## GIVEN RECORDS

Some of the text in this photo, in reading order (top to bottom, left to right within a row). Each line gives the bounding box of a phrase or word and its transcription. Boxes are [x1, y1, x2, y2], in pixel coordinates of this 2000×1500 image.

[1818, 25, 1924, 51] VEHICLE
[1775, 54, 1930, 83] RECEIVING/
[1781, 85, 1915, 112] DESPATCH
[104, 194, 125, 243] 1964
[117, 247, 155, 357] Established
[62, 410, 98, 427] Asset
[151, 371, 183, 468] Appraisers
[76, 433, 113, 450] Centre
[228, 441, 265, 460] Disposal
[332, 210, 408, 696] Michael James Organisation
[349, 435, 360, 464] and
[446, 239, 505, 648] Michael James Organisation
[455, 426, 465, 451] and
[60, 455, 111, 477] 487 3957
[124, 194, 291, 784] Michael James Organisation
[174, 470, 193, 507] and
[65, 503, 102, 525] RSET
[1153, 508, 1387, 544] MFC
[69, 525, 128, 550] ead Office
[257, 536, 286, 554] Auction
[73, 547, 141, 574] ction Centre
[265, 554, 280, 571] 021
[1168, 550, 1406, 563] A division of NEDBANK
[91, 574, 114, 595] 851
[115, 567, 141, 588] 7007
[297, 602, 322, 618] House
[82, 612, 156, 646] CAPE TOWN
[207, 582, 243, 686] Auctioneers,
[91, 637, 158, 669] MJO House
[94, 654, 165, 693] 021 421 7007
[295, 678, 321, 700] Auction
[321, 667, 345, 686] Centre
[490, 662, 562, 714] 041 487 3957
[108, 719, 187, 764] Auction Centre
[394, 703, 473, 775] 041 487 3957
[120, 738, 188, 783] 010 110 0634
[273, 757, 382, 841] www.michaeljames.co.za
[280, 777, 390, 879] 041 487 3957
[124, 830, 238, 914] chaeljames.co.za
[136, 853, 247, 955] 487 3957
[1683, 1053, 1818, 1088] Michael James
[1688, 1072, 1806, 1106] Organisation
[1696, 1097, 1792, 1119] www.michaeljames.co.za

## AIM OF THE TASK
Repeat the entries. Keep each one exactly as written.

## YOUR RESPONSE
Some of the text in this photo, in reading order (top to bottom, left to right within a row). Each line gives the bounding box of a phrase or word and its transcription. Boxes are [x1, y1, x2, y2], in pixel coordinates of this 2000×1500 image.

[1818, 25, 1924, 51] VEHICLE
[1775, 54, 1930, 83] RECEIVING/
[1781, 85, 1915, 112] DESPATCH
[104, 194, 125, 243] 1964
[117, 247, 155, 357] Established
[62, 410, 98, 427] Asset
[151, 371, 183, 468] Appraisers
[76, 433, 113, 450] Centre
[228, 441, 265, 460] Disposal
[332, 210, 408, 696] Michael James Organisation
[349, 435, 360, 464] and
[446, 239, 505, 648] Michael James Organisation
[455, 426, 465, 451] and
[60, 455, 111, 477] 487 3957
[124, 194, 291, 784] Michael James Organisation
[174, 470, 193, 507] and
[65, 503, 102, 525] RSET
[1153, 508, 1387, 544] MFC
[69, 525, 128, 550] ead Office
[257, 536, 286, 554] Auction
[73, 547, 141, 574] ction Centre
[265, 554, 280, 571] 021
[1168, 550, 1406, 563] A division of NEDBANK
[91, 574, 114, 595] 851
[115, 567, 141, 588] 7007
[297, 602, 322, 618] House
[82, 612, 156, 646] CAPE TOWN
[207, 582, 243, 686] Auctioneers,
[91, 637, 158, 669] MJO House
[94, 654, 165, 693] 021 421 7007
[295, 678, 321, 700] Auction
[321, 667, 345, 686] Centre
[490, 662, 562, 714] 041 487 3957
[108, 719, 187, 764] Auction Centre
[394, 703, 473, 775] 041 487 3957
[120, 738, 188, 783] 010 110 0634
[273, 757, 382, 841] www.michaeljames.co.za
[280, 777, 390, 879] 041 487 3957
[124, 830, 238, 914] chaeljames.co.za
[136, 853, 247, 955] 487 3957
[1683, 1053, 1818, 1088] Michael James
[1688, 1072, 1806, 1106] Organisation
[1696, 1097, 1792, 1119] www.michaeljames.co.za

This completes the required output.